» **What is needed**
Repeat the listing below word for word, minus the pictures.

:: Given data

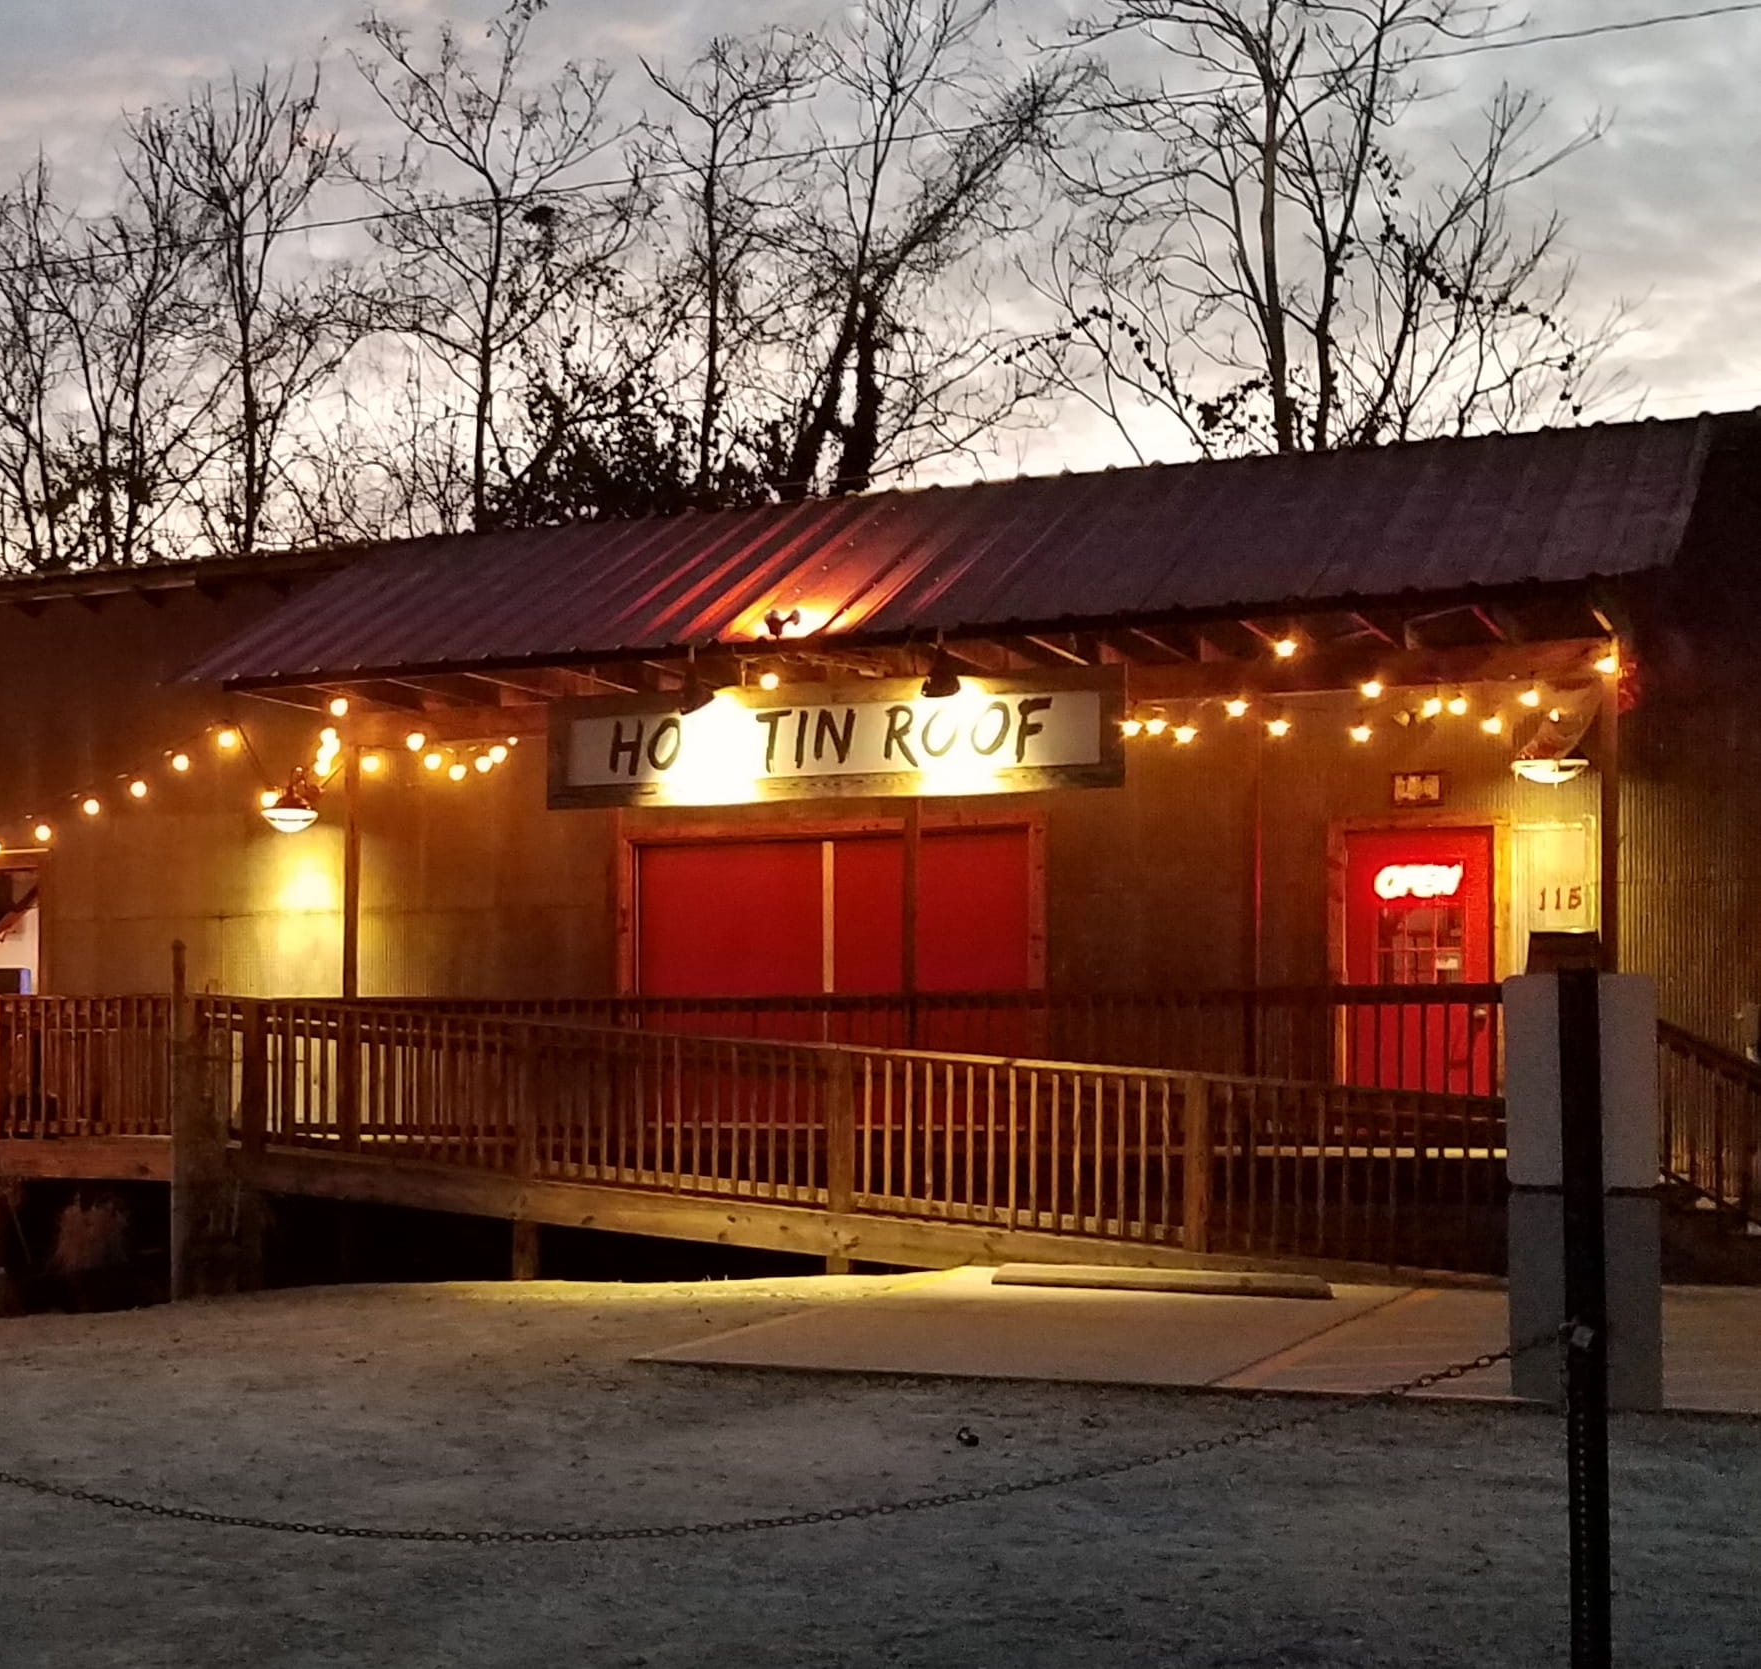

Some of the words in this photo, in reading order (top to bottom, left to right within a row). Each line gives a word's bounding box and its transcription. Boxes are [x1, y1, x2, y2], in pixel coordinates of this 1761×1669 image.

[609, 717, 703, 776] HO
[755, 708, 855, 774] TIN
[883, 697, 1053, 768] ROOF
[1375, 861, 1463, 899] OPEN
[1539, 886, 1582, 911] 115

::::

» **Answer to this task**
Some of the words in this photo, in reading order (top to bottom, left to right within a row). Each line gives a word's bounding box and its transcription. Boxes are [x1, y1, x2, y2], in pixel coordinates of this 1761×1669 image.

[609, 717, 703, 776] HO
[755, 708, 855, 774] TIN
[883, 697, 1053, 768] ROOF
[1375, 861, 1463, 899] OPEN
[1539, 886, 1582, 911] 115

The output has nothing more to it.